[Saved data entries]
********************
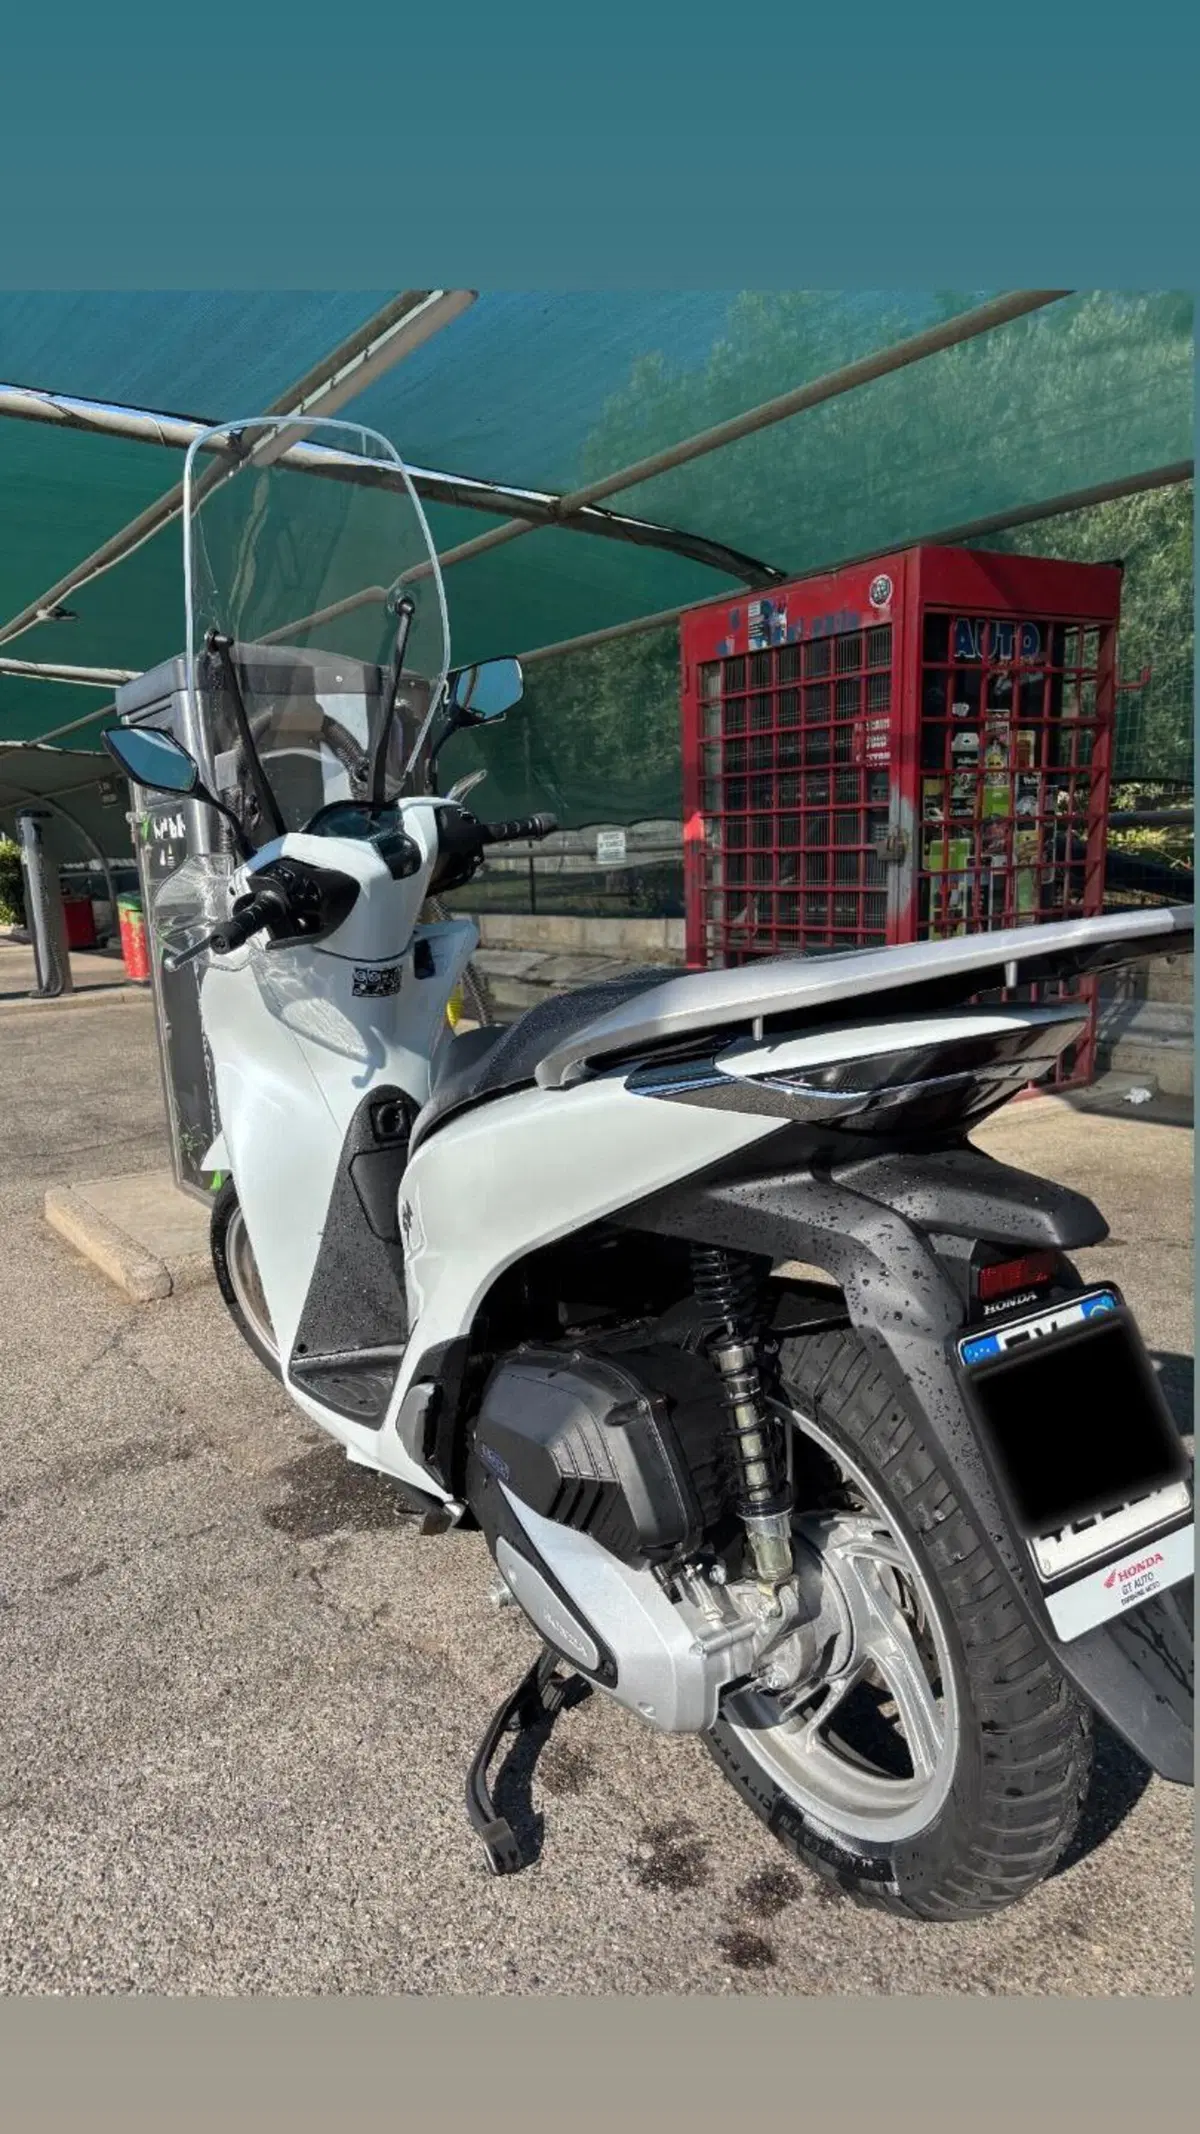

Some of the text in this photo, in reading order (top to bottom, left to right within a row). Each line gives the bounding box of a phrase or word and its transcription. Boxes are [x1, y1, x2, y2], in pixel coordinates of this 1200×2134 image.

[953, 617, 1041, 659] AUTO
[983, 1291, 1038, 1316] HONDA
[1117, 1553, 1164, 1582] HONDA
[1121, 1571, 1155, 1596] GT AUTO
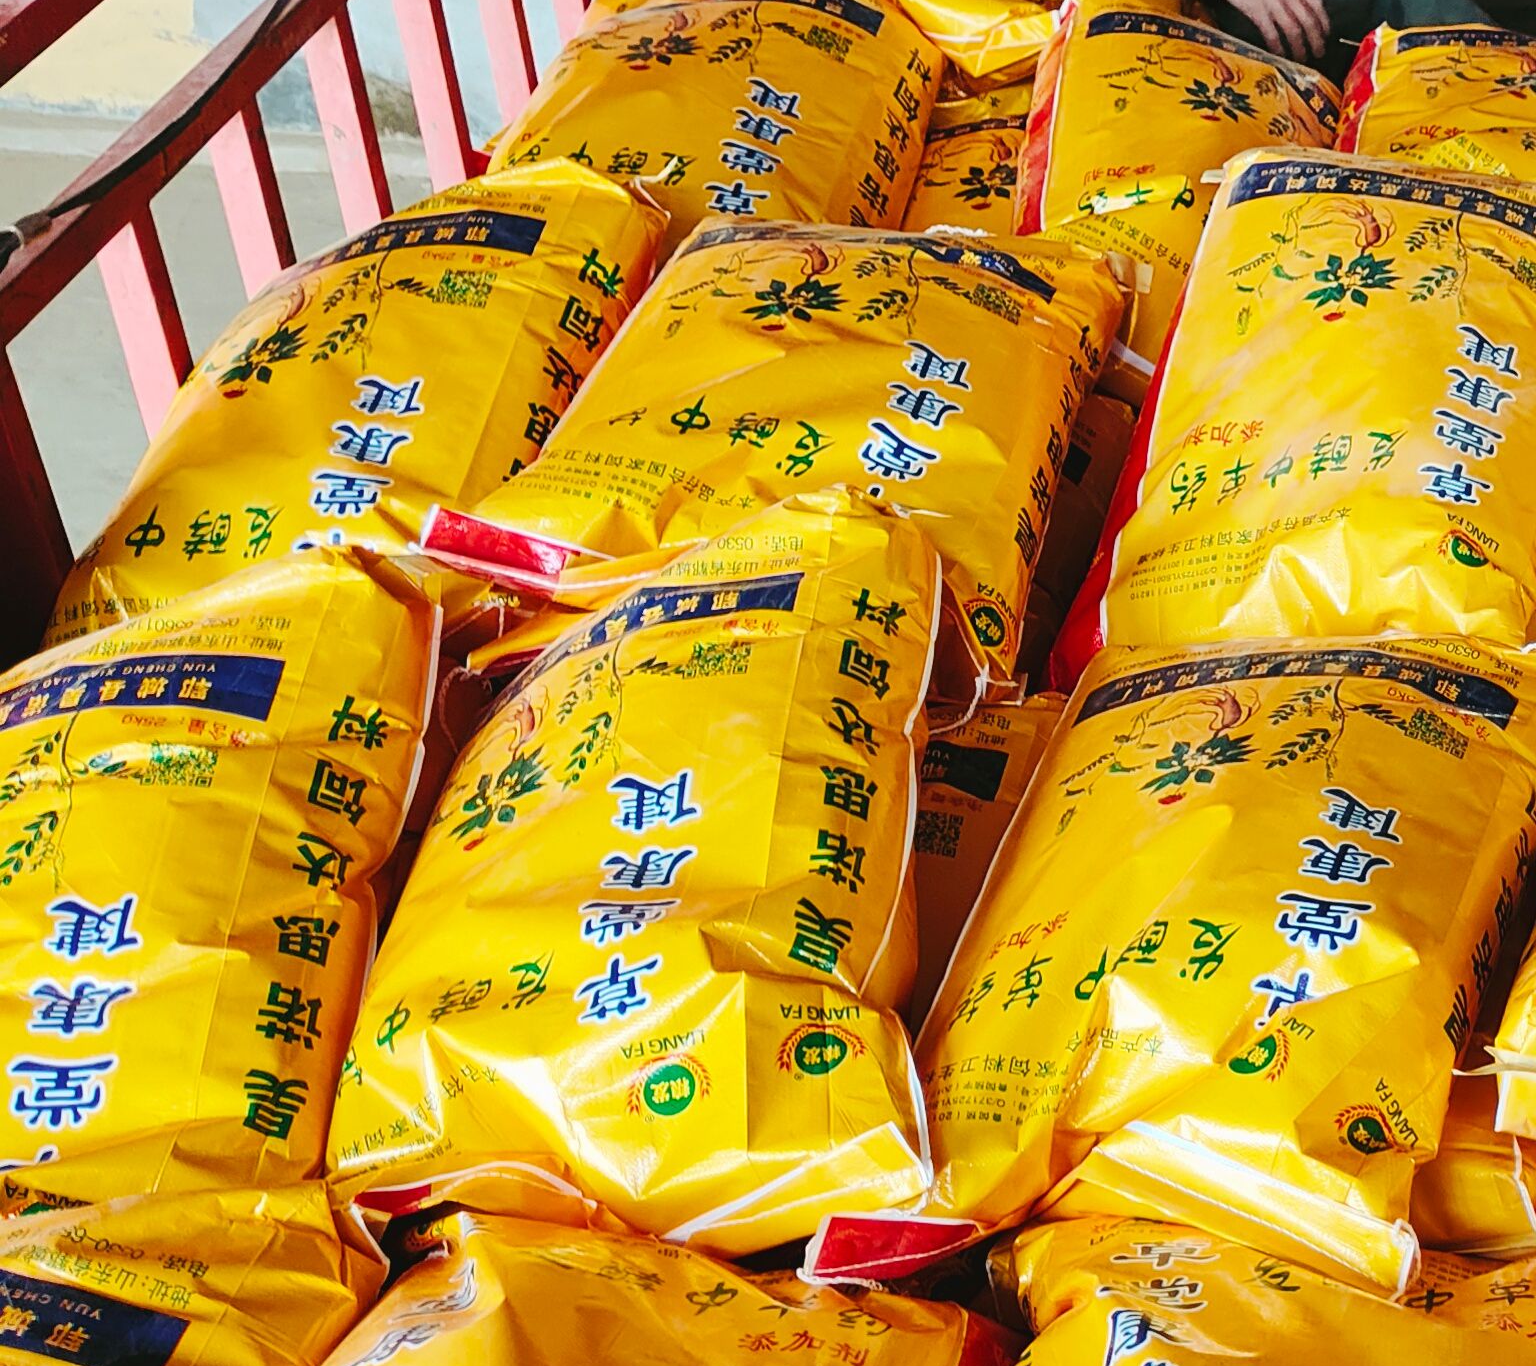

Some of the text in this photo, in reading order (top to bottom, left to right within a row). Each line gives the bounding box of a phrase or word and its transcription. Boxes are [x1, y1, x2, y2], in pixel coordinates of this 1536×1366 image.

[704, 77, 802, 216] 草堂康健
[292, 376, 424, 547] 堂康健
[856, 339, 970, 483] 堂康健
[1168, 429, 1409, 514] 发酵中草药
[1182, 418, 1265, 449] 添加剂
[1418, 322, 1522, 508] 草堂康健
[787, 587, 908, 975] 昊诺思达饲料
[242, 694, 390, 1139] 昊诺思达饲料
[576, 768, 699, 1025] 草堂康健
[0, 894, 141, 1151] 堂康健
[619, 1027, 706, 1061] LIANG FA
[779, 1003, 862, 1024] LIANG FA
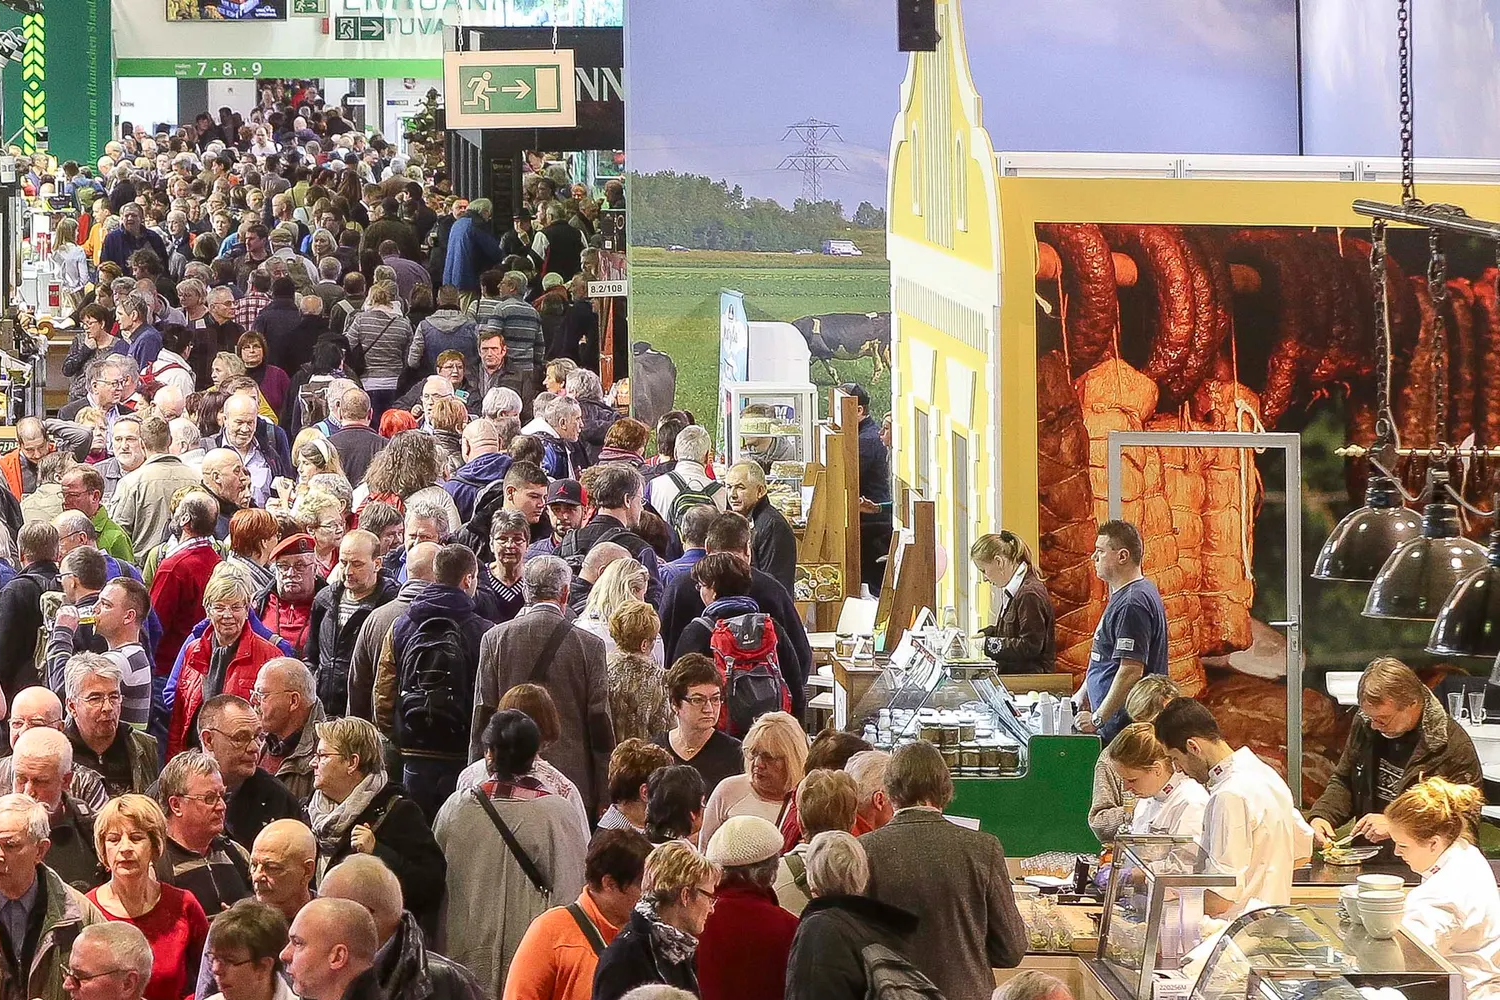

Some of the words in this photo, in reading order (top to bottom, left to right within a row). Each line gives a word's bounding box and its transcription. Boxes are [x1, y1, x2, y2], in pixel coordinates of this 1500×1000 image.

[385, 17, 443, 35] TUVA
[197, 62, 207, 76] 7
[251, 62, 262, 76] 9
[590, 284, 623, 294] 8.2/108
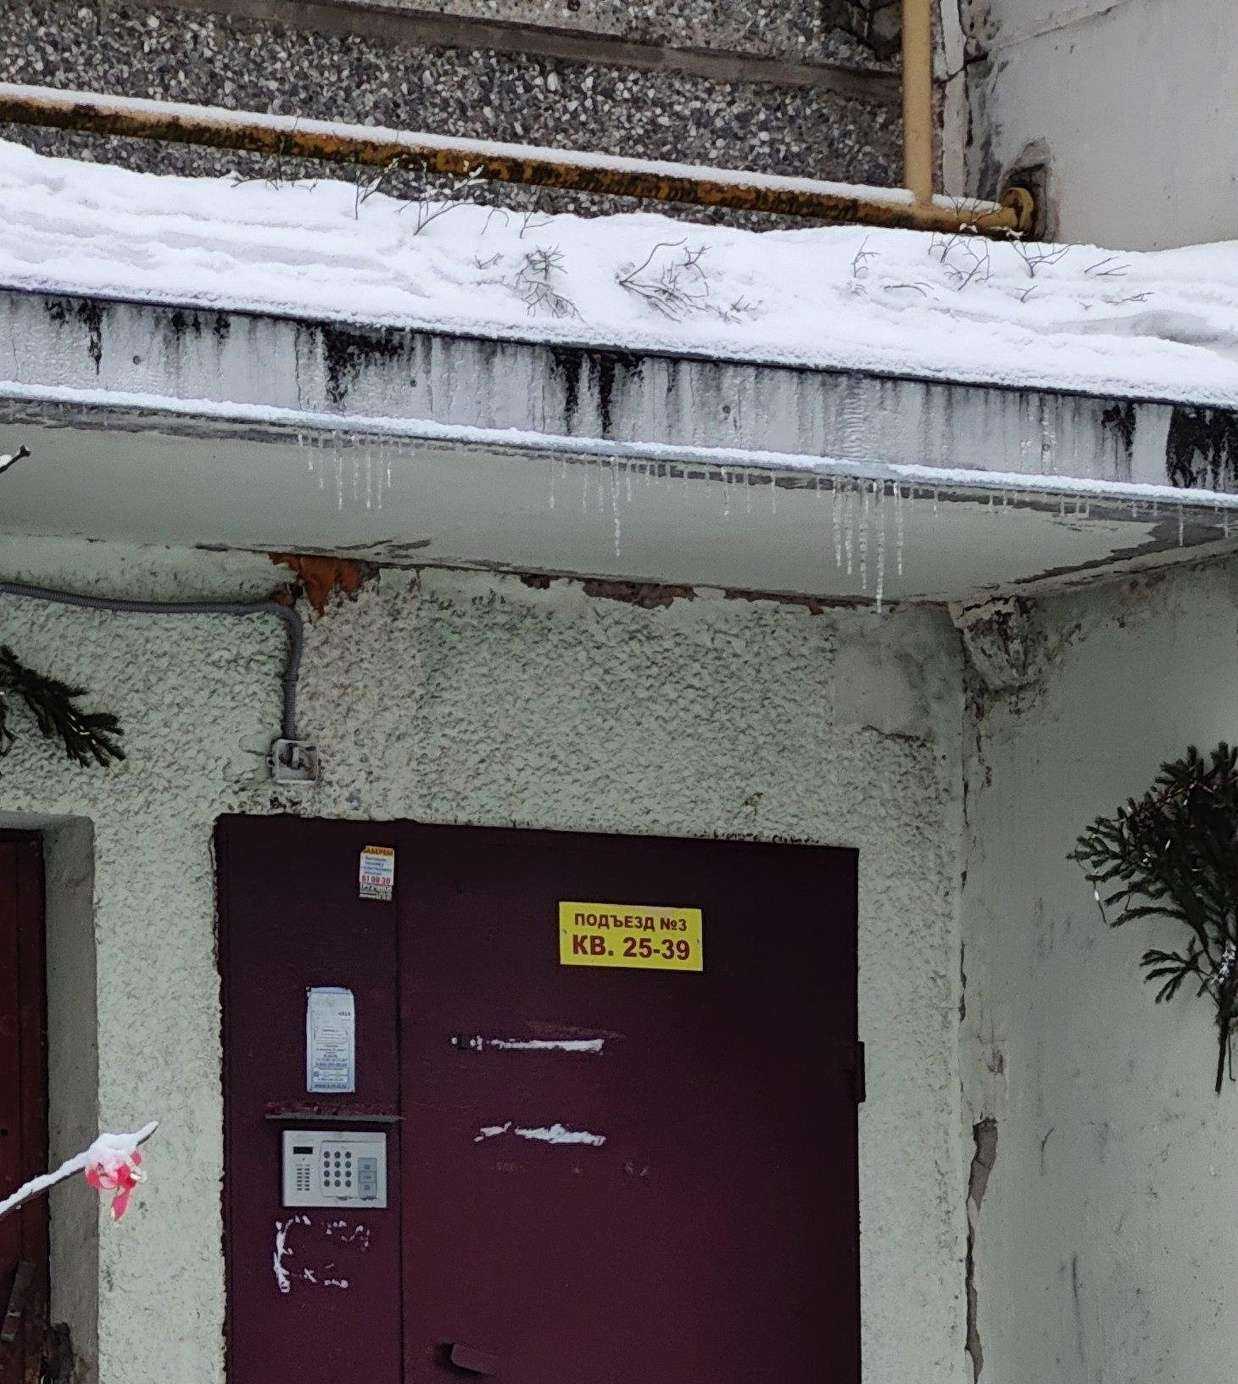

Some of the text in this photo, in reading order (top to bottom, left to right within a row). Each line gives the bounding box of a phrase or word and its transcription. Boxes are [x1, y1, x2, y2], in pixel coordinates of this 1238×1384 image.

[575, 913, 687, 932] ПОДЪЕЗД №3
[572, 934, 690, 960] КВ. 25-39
********************
> [Exercise] Only the lines from the one holding "this 1238×1384 image." through the final line of the entries, both included, should be given again, word for word.

> [Reply]
Some of the text in this photo, in reading order (top to bottom, left to right within a row). Each line gives the bounding box of a phrase or word and its transcription. Boxes are [x1, y1, x2, y2], in pixel coordinates of this 1238×1384 image.

[575, 913, 687, 932] ПОДЪЕЗД №3
[572, 934, 690, 960] КВ. 25-39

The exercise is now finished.